My best excuse for not blogging much lately is that, besides working a "day job," I've been rehearsing and performing fine-art music most of the last few weeks. There was "Brahms Week," in which the St. Louis Symphony Chorus (yours truly included) performed the Schicksalslied (Song of Fate) and Gesang der Parzen (Song of the Fates) under the baton of up-and-coming young conductor Ward Stare, formerly the St. Louis Symphony's resident conductor. Then there was a "Bach Week" (really more of a weekend) with the American Kantorei ("Bach at the Sem"), performing two whole cantatas and choruses from two others, led by guest conductor Scott Hyslop of Frankenmuth, Michigan. And now I have just touched ground after seven glorious days, including a full concert-order rehearsal and four nearly sold-out public performances, of Beethoven's 9th Symphony, with the celebrated "Ode to Joy" in the fourth movement.

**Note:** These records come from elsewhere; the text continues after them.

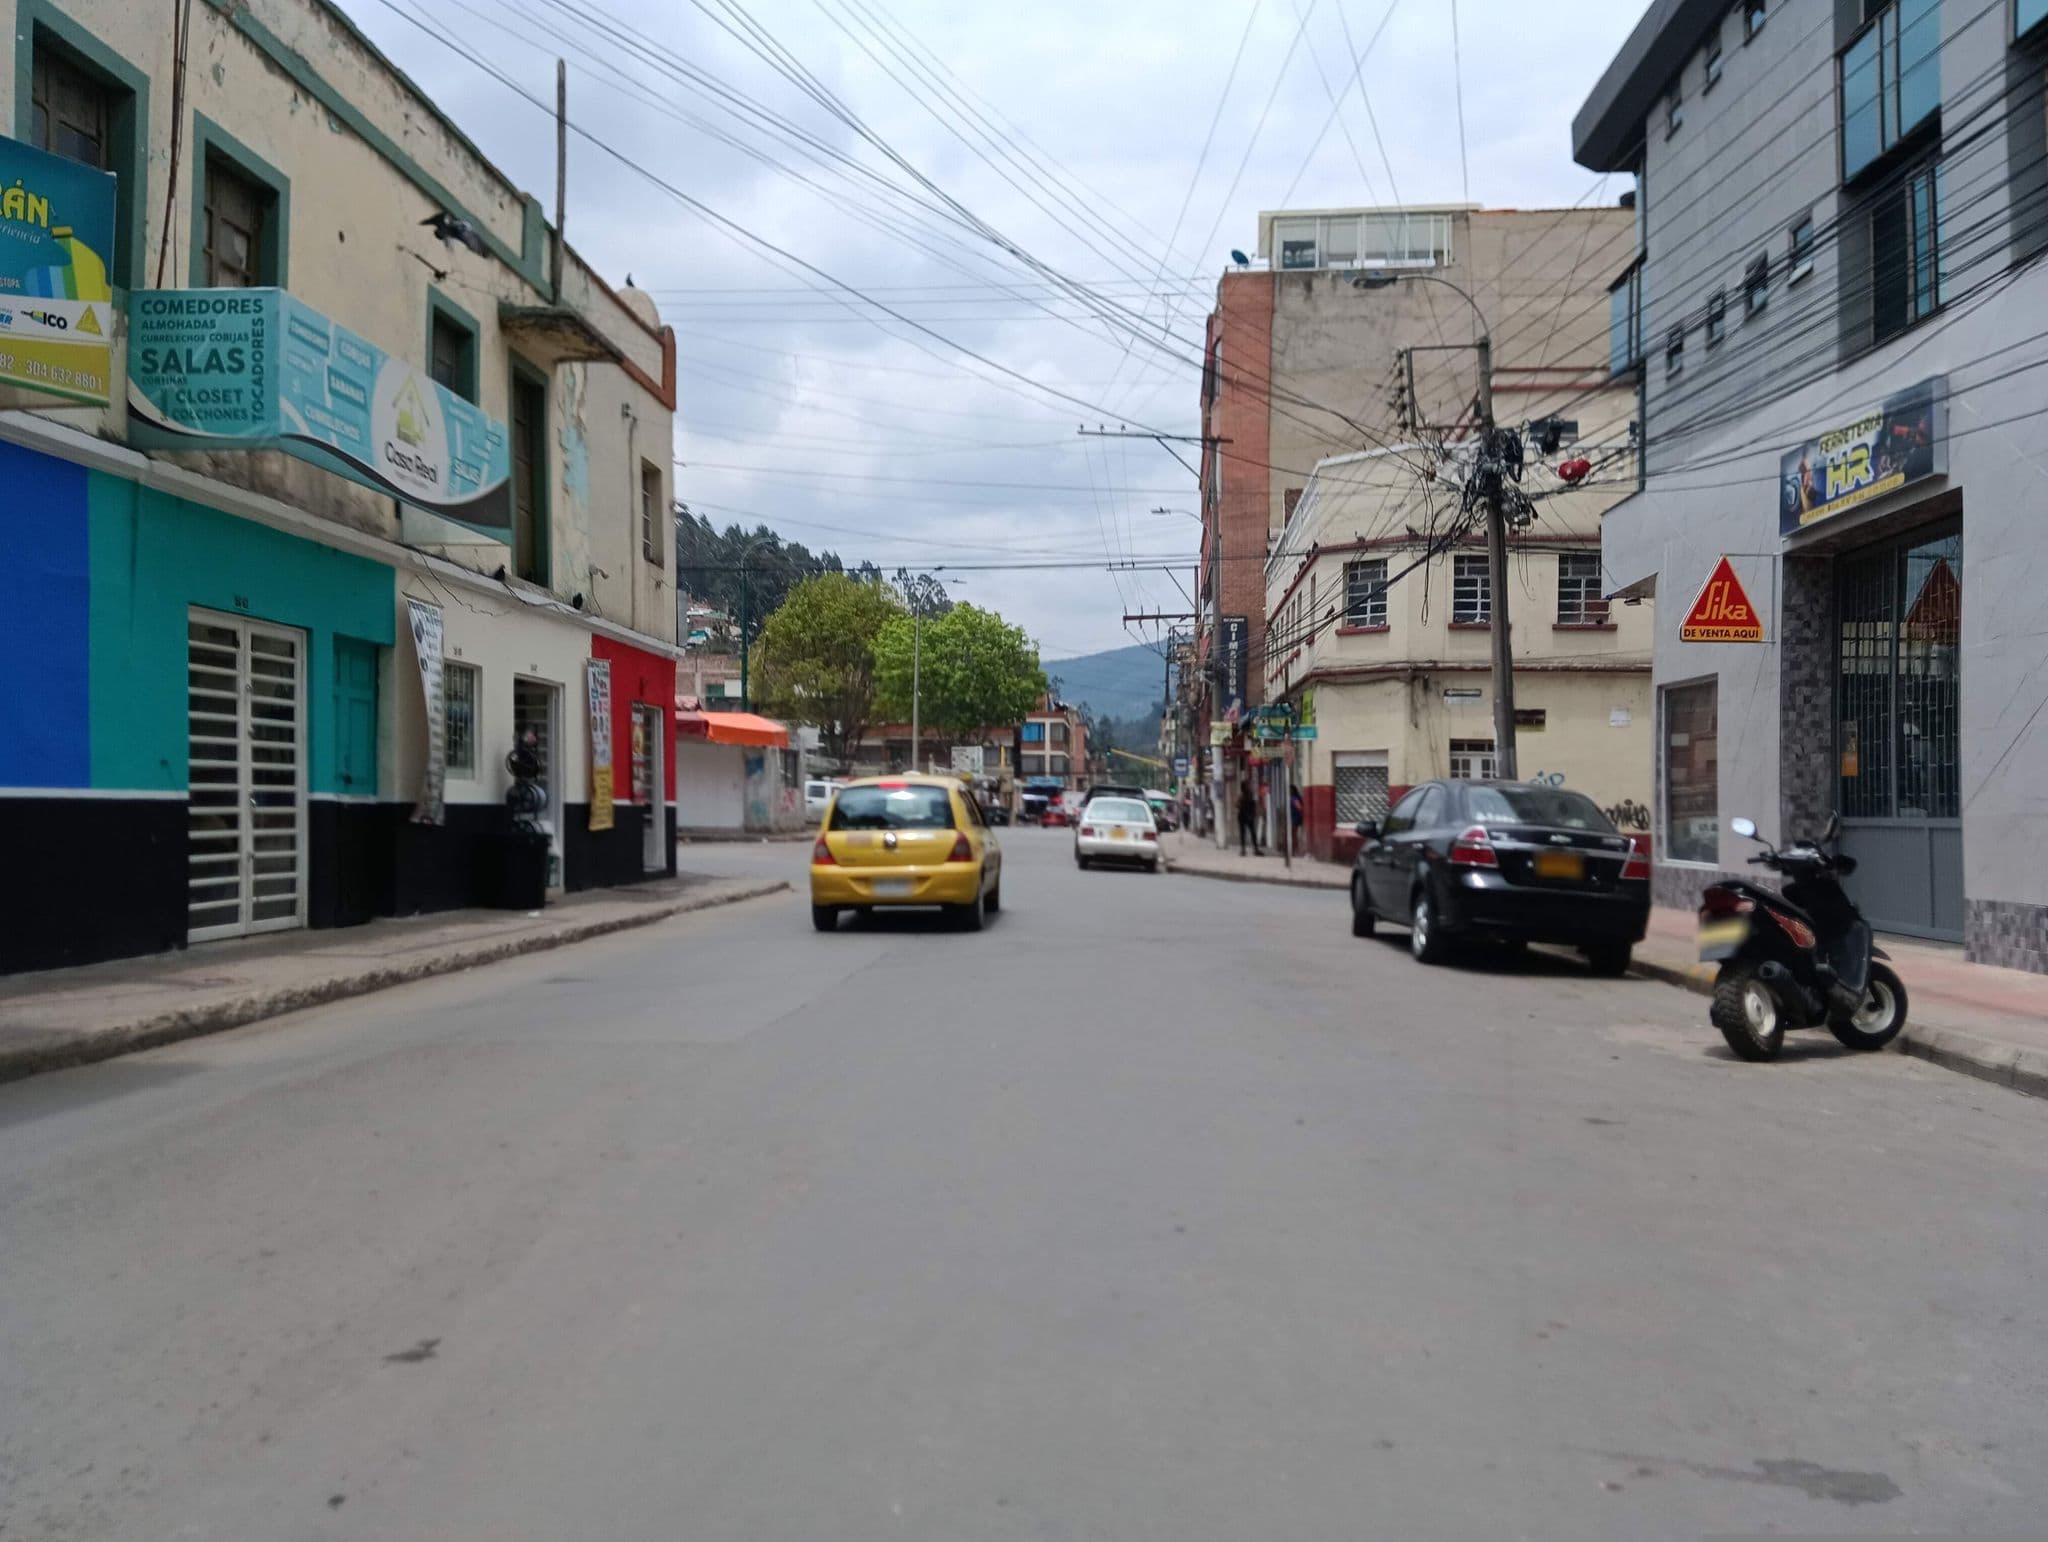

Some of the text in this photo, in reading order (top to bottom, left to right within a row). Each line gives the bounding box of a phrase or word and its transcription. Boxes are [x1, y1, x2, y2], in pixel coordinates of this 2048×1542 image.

[0, 179, 48, 228] ÁN
[141, 299, 264, 315] COMEDORES
[142, 319, 216, 330] ALMOHADAS
[209, 332, 249, 344] COBIJAS
[141, 347, 245, 375] SALAS
[251, 317, 265, 423] TOCADORES
[175, 388, 244, 404] CLOSET
[171, 407, 248, 420] COLCHONES
[1826, 444, 1874, 500] HR
[1695, 580, 1748, 620] Sika
[1683, 628, 1697, 638] DE
[1699, 628, 1731, 639] VENTA

The program began with an a capella choral number by Anton Bruckner, "Christus factus est" (Christ is made obedient unto death), for a middle-sized group of singers selected from the Symphony Chorus. This work, appropriate for the week of Ascension Day, focuses on the humiliation and glorification of Christ—more than half of it being devoted to the Latin words for "which is above every name" as a reference to the honor to which Christ has been exalted. Bruckner's short piece led without a break into Act 3 of Alban Berg's expressionist opera Wozzeck, in which a smaller select group of chorus members sang briefly. Berg, whose reputation is tied to the serialist school of Schoenberg, used the orchestra to powerful effect in portraying scenes of madness, murder, despair, suicide, superstitious anxiety, and the sociopathic egotism of a child who goes on saying "Hop-hop, hop-hop, hop-hop" when told that its mother is dead. And all this, drawn from a real-life drama that unfolded at about the time Beethoven was writing his Ninth, sets the background for his amazing testimony of faith in the brotherhood of man and the unifying power of humanistic ideals.

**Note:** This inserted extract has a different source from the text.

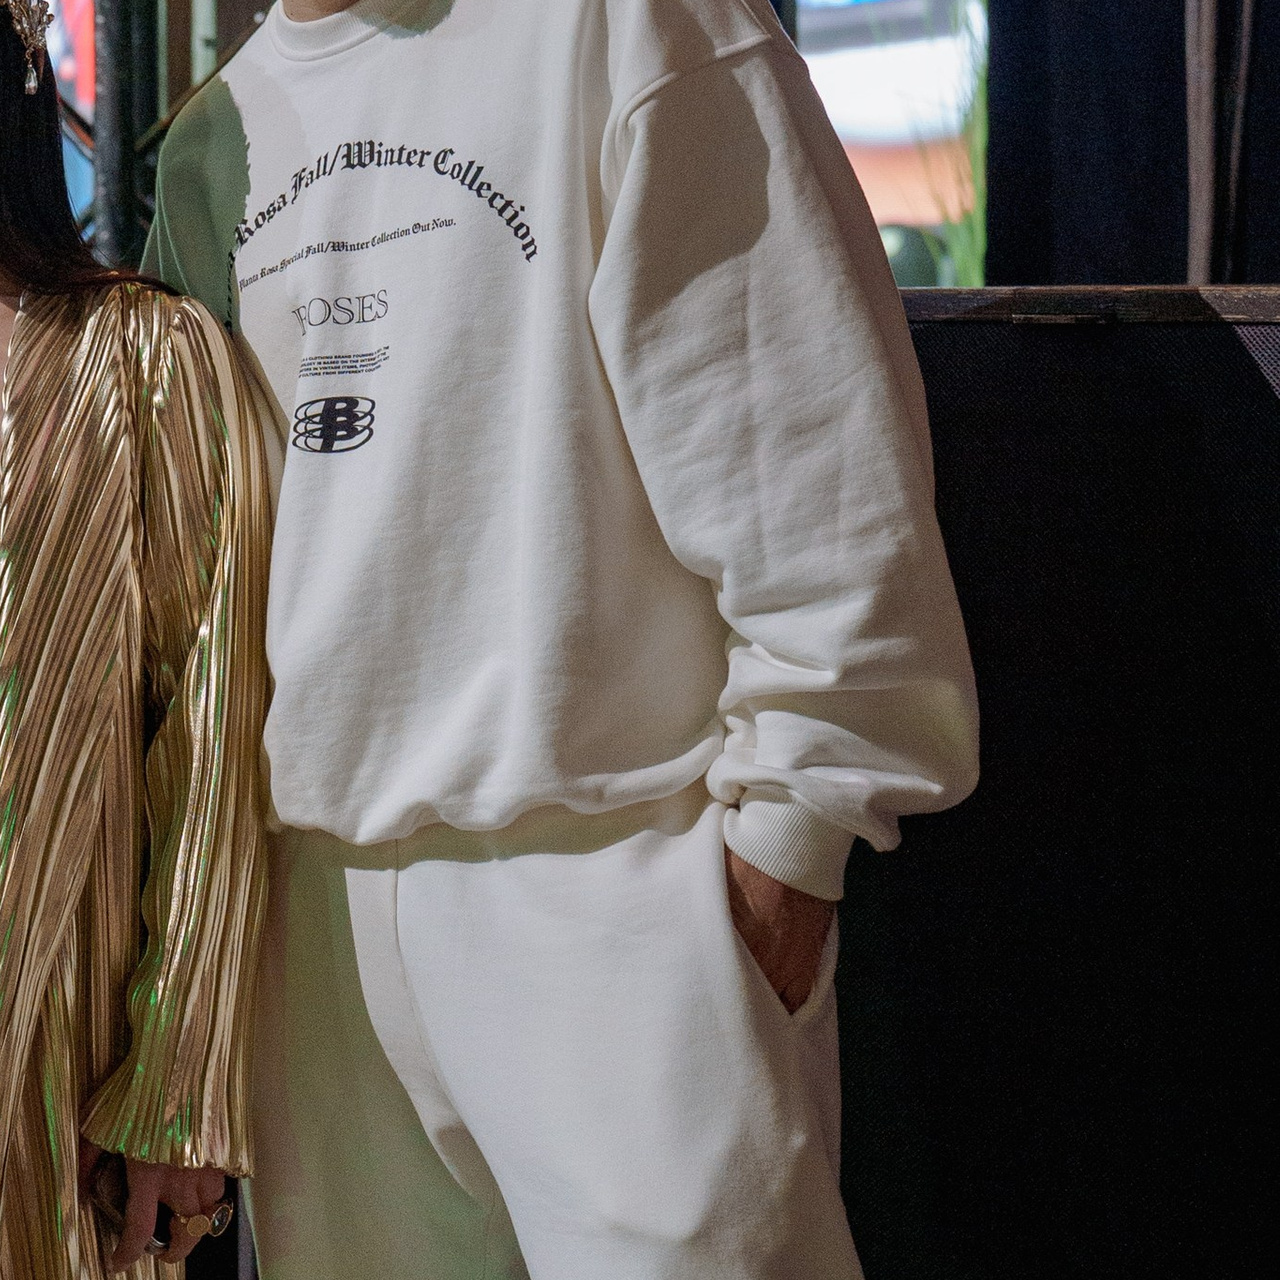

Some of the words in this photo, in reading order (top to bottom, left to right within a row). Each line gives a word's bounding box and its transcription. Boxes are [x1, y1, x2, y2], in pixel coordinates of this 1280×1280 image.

David Robertson conducted the hell out of this program. Based on his interpretation of the Ninth Symphony's four movements, I have distilled my thoughts down to a two-word description of what aspects of Beethoven's character each movement reveals. So, Movement I: the monumental sonata whose opening theme, based on a spare interval of a fifth, emerges out of a nebula "without form and void," represents Beethoven's fierce intelligence. Movement II: the scherzo driven by insistent rhythms, given to rude interruptions, pointed pauses, and sudden arbitrary changes of key, and ending in a joke—that shows the exuberant willfulness in Beethoven's character. Movement III: the slow, tender variations on an alternating pair of themes, painted in lush colors by his mastery of the orchestra (albeit a bit soporific to some exhausted participants in this afternoon's performance) demonstrates Beethoven's sincere humanity. But when he caps it off with a huge finale that makes the orchestra speak like a human voice, then unprecedentedly introduces the human voice to the symphonic form, he does so in a way that points up his revolutionary instinct. And there in bold type, o Freunde, you have my analysis of B9 in eight words.